The European Commission created the General Data Protection Regulation to unify regulatory standards relating to the use of digital data within the EU nations. GDPR comes into effect on 25th May, 2018. In general, it requires organizations handling personal data in EU to keep that data secure and it levies big penalties to organizations that fail to comply. With regard to healthcare organizations, they need to prove that they have adequate processes in place to manage and protect patients’, employees’ and partners’ personal data.
As a data processor, DataLife understands its obligation to help healthcare institutions comply with the new regulation. This is why we have thoroughly analyzed GDPR requirements and have put in place a dedicated internal team to drive our organization to meet them. Data privacy and data security are two sides of the same coin. We're streamlining the processes for our cloud applications by implementing IT policies and procedures that provide end-to-end security and perform frequent tests on the security measures.

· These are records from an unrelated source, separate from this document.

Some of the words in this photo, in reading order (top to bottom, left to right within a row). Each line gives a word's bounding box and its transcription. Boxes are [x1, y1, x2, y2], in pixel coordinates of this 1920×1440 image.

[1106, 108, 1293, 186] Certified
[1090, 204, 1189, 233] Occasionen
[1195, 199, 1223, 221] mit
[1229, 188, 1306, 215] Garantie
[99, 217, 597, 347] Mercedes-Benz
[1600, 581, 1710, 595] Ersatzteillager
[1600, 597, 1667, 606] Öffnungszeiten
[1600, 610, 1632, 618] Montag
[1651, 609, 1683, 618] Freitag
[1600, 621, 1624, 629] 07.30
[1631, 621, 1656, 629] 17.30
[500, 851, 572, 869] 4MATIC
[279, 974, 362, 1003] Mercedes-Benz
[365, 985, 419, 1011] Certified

Our goal is to preserve the patient’s, partner’s, employee’s privacy with regard to today’s monitoring and profiling possibilities. Encryption is a form of cryptography which has the effect of rendering data unintelligible to any person who is not authorised to access it. In our case, the system administrator holds a unique secret decryption key allowing him to access the information. This key is not readable or stored by us. In DataLife, we use proper and strong encryption algorithms ensuring that even if someone manages to access the information, he won’t be able to read or process it.

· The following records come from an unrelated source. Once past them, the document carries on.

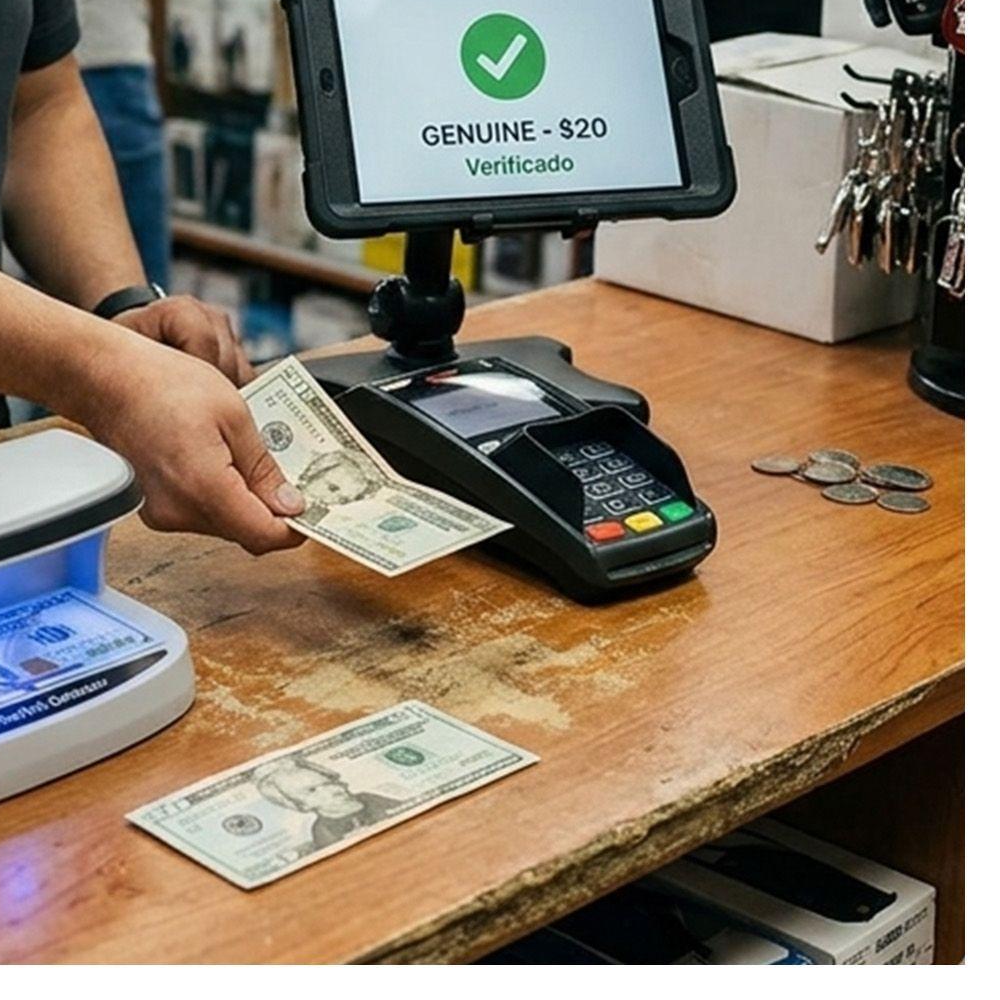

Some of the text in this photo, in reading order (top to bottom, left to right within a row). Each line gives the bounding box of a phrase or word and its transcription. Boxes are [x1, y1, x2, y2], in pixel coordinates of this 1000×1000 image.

[421, 120, 537, 146] GENUINE
[559, 117, 607, 140] $20
[465, 154, 574, 177] Verificado
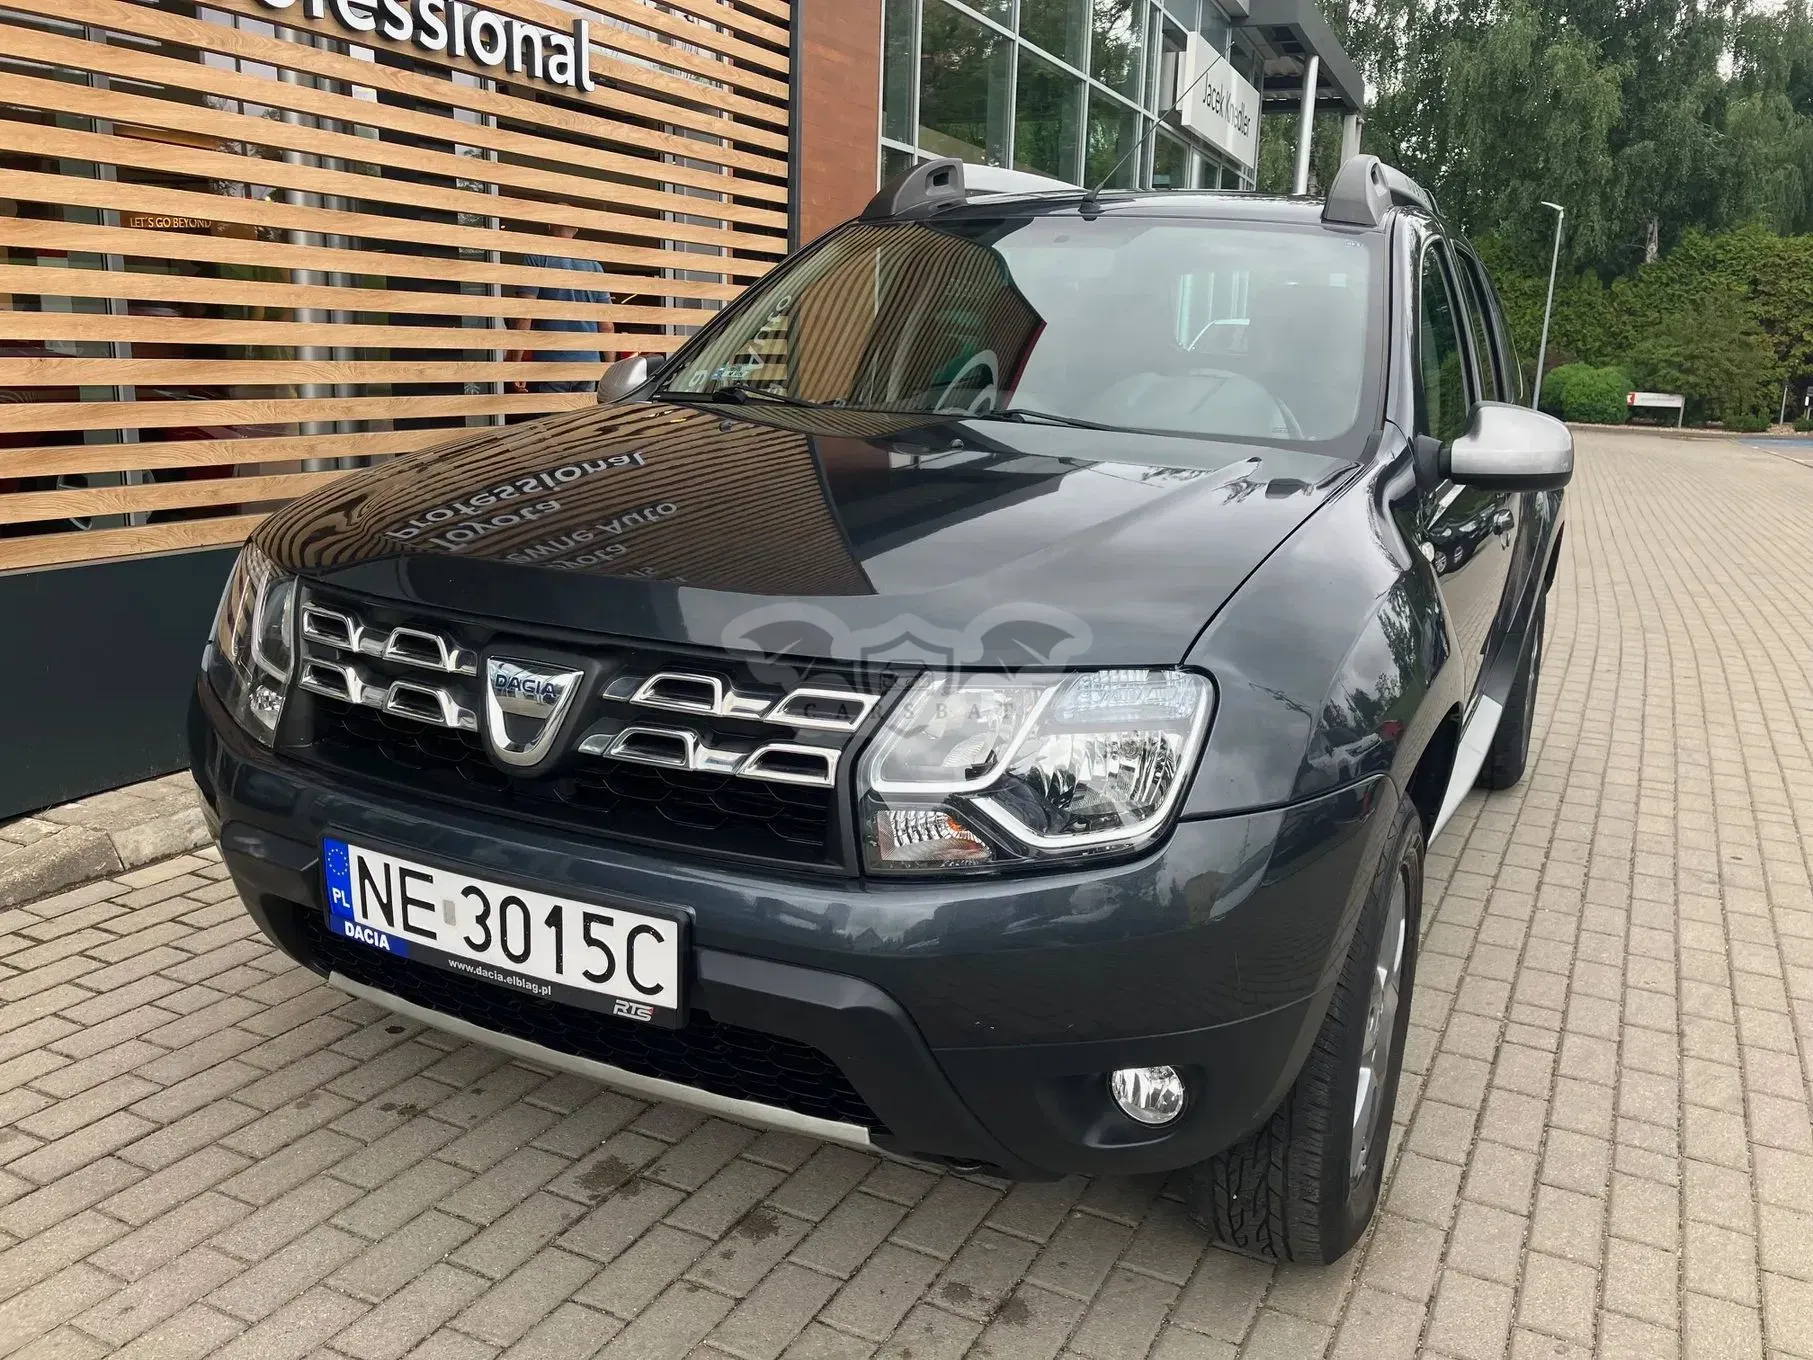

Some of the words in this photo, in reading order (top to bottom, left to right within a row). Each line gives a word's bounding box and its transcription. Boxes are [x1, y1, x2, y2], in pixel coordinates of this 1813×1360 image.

[1203, 72, 1224, 118] Jacek
[155, 217, 170, 228] GO
[173, 217, 211, 228] BEYOND
[495, 674, 557, 698] DACIA
[332, 887, 351, 908] PL
[344, 921, 390, 950] DACIA
[357, 855, 437, 941] NE
[461, 885, 665, 996] 3015C
[448, 958, 552, 996] www.dacia.elblag.pl
[613, 999, 654, 1022] RTS

In parallel, we use the HTTPs protocols in order to prevent malicious attempts to intercept or read data, even in cases of compromised internet connection. HTTPS provides bidirectional encryption of communications between the browser running on the user’s device and the server running DataLife.
As with any new technology, it creates new risks and new opportunities. DataLife applies layers and system processes that characterize data protection in a distributed and highly dynamic data environment.